◆ ASSIGNMENT
Copy each of the following entries back without change.

───── EXTRACTED MATERIAL ─────

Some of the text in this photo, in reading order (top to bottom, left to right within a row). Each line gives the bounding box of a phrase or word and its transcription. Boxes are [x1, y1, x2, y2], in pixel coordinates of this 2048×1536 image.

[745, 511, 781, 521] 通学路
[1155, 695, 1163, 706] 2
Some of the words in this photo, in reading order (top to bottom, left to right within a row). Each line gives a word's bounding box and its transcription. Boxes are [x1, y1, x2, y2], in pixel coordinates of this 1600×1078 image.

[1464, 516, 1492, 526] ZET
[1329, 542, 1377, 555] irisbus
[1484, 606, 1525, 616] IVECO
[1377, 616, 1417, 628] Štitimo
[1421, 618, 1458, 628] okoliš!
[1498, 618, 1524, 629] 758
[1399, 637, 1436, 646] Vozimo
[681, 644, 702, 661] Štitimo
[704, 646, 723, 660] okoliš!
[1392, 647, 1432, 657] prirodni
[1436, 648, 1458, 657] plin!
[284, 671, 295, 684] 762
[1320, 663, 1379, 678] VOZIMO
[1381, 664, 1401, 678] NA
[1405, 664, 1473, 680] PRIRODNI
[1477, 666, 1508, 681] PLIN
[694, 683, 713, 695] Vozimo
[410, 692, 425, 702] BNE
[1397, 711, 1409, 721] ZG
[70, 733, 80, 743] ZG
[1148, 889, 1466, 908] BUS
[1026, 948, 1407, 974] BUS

─────

◆ YOUR RESPONSE
Some of the text in this photo, in reading order (top to bottom, left to right within a row). Each line gives the bounding box of a phrase or word and its transcription. Boxes are [x1, y1, x2, y2], in pixel coordinates of this 2048×1536 image.

[745, 511, 781, 521] 通学路
[1155, 695, 1163, 706] 2
Some of the words in this photo, in reading order (top to bottom, left to right within a row). Each line gives a word's bounding box and its transcription. Boxes are [x1, y1, x2, y2], in pixel coordinates of this 1600×1078 image.

[1464, 516, 1492, 526] ZET
[1329, 542, 1377, 555] irisbus
[1484, 606, 1525, 616] IVECO
[1377, 616, 1417, 628] Štitimo
[1421, 618, 1458, 628] okoliš!
[1498, 618, 1524, 629] 758
[1399, 637, 1436, 646] Vozimo
[681, 644, 702, 661] Štitimo
[704, 646, 723, 660] okoliš!
[1392, 647, 1432, 657] prirodni
[1436, 648, 1458, 657] plin!
[284, 671, 295, 684] 762
[1320, 663, 1379, 678] VOZIMO
[1381, 664, 1401, 678] NA
[1405, 664, 1473, 680] PRIRODNI
[1477, 666, 1508, 681] PLIN
[694, 683, 713, 695] Vozimo
[410, 692, 425, 702] BNE
[1397, 711, 1409, 721] ZG
[70, 733, 80, 743] ZG
[1148, 889, 1466, 908] BUS
[1026, 948, 1407, 974] BUS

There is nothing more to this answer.